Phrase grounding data
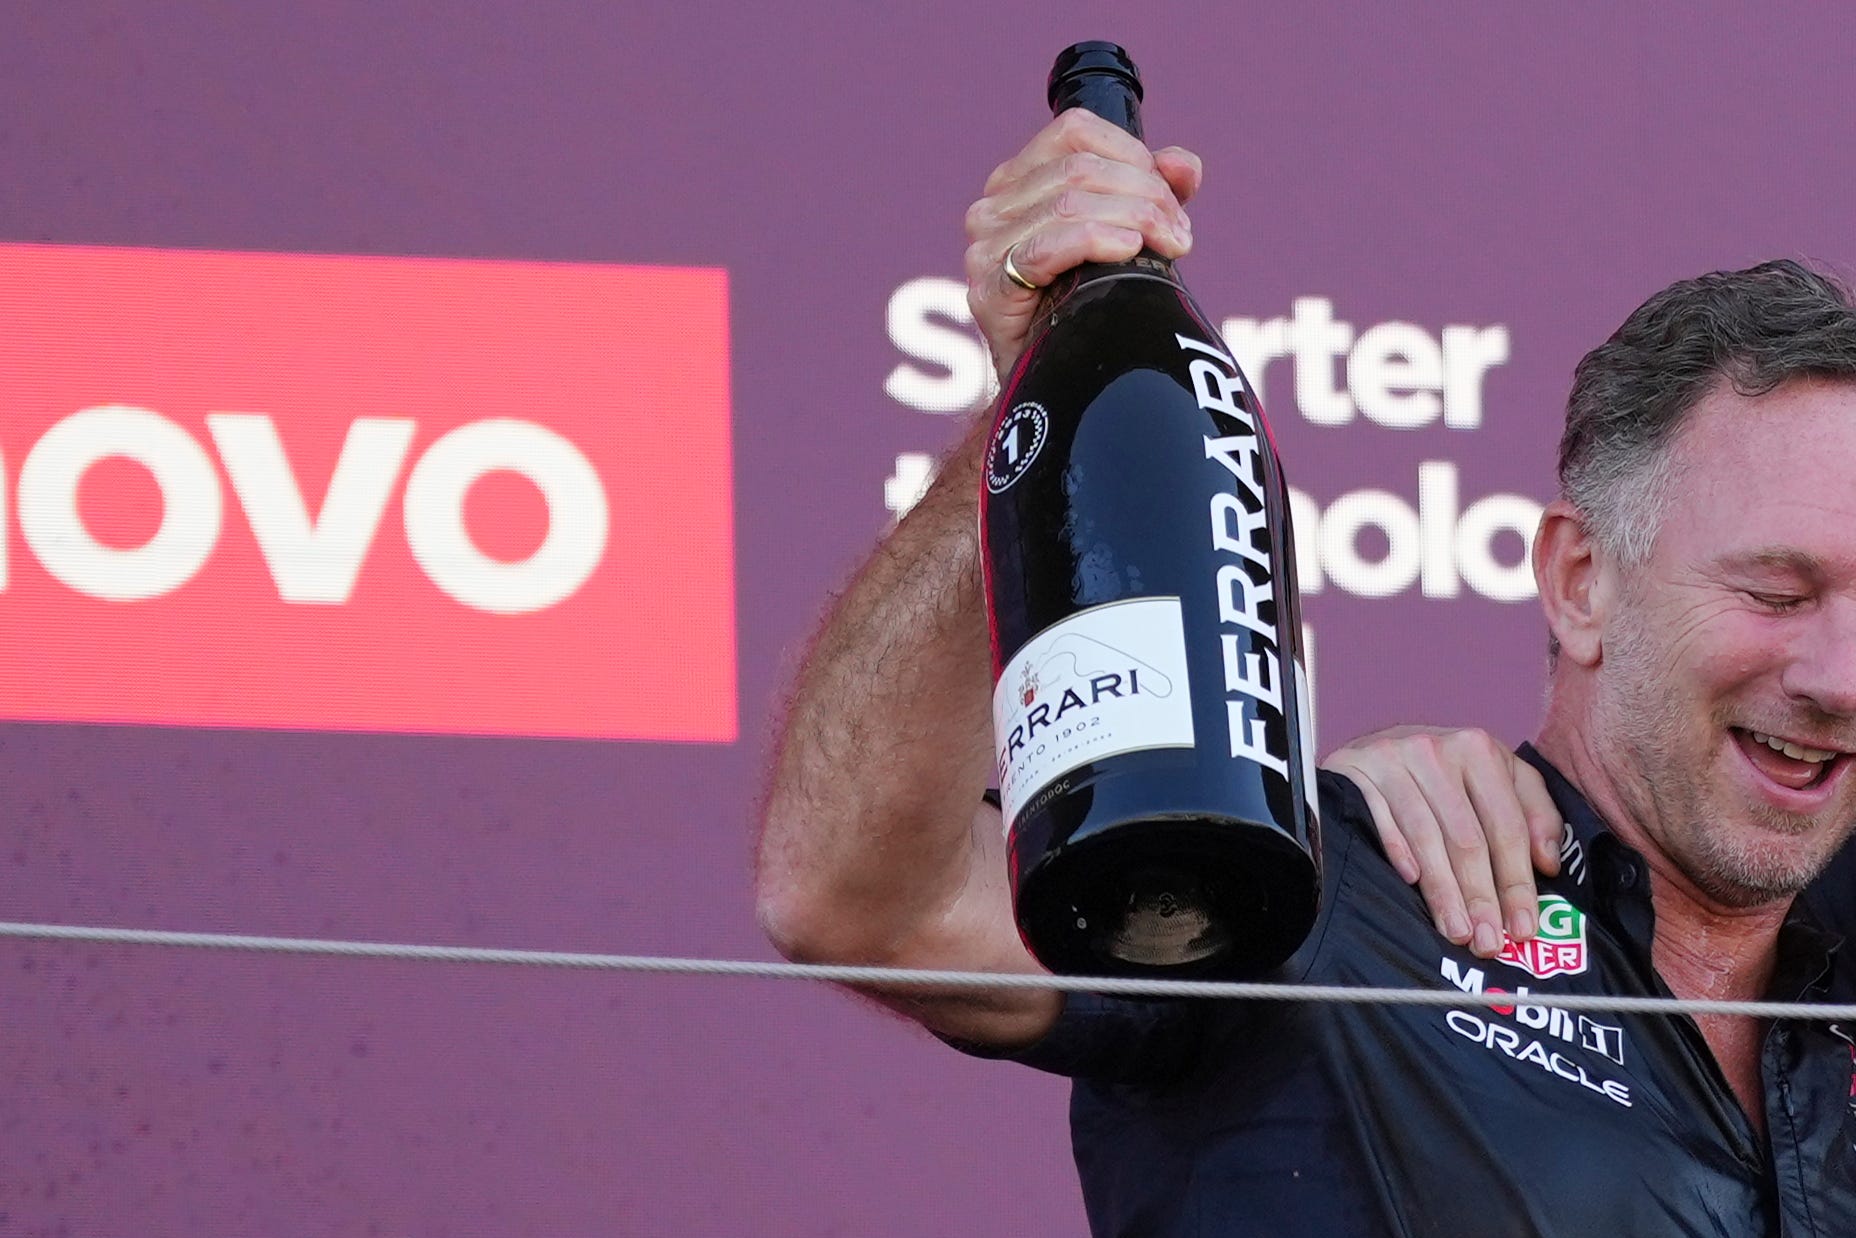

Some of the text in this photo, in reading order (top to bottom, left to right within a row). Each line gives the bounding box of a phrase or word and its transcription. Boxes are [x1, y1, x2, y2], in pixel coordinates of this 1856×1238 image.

[885, 275, 1509, 429] Srter
[0, 403, 609, 615] ovo
[1174, 331, 1290, 783] FERRARI
[998, 668, 1141, 783] ERRARI
[1054, 716, 1100, 742] 1902
[1445, 1010, 1633, 1108] ORACLE
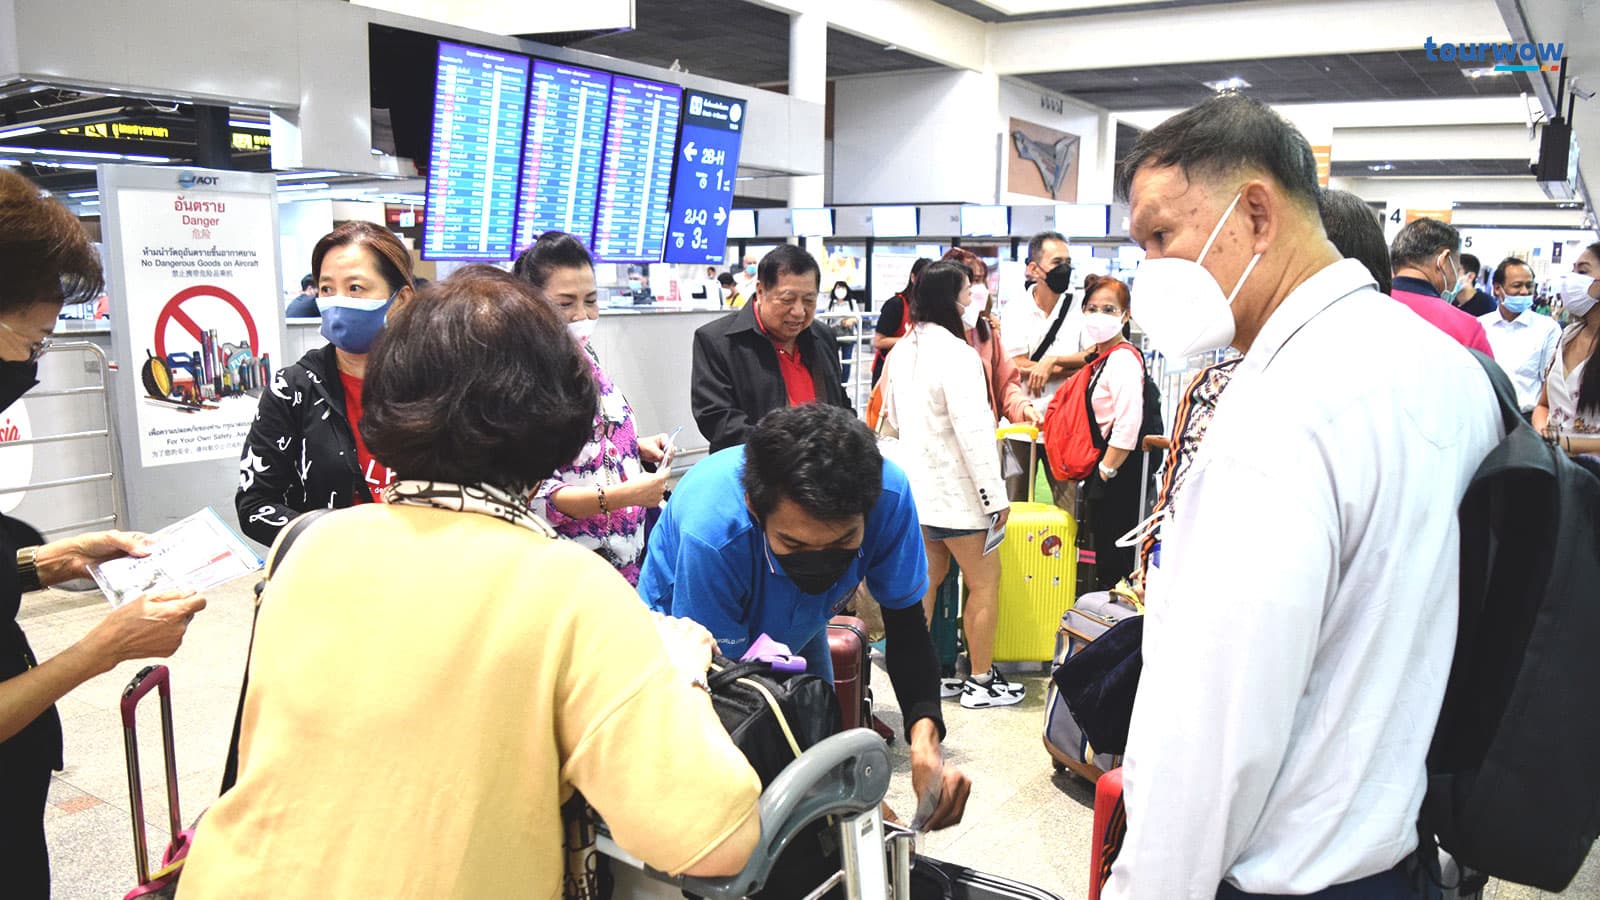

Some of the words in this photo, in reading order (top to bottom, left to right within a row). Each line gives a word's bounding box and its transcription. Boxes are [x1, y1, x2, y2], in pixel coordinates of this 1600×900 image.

= Your instructions =
Copy each line of the records precisely and drop any images they hold.

= Answer to the exercise =
Some of the text in this photo, in reading order (top to bottom, left to right within a row). Each line gives the bounding box of a phrase or word and its transcription. Boxes are [x1, y1, x2, y2], in pixel coordinates of this 1856×1238 image.

[885, 275, 1509, 429] Srter
[0, 403, 609, 615] ovo
[1174, 331, 1290, 783] FERRARI
[998, 668, 1141, 783] ERRARI
[1054, 716, 1100, 742] 1902
[1445, 1010, 1633, 1108] ORACLE

Some of the words in this photo, in reading order (top to bottom, left to right within a row). Each line gives a word's bounding box and its transcription. Boxes are [x1, y1, x2, y2], in pixel coordinates of this 1600×900 image.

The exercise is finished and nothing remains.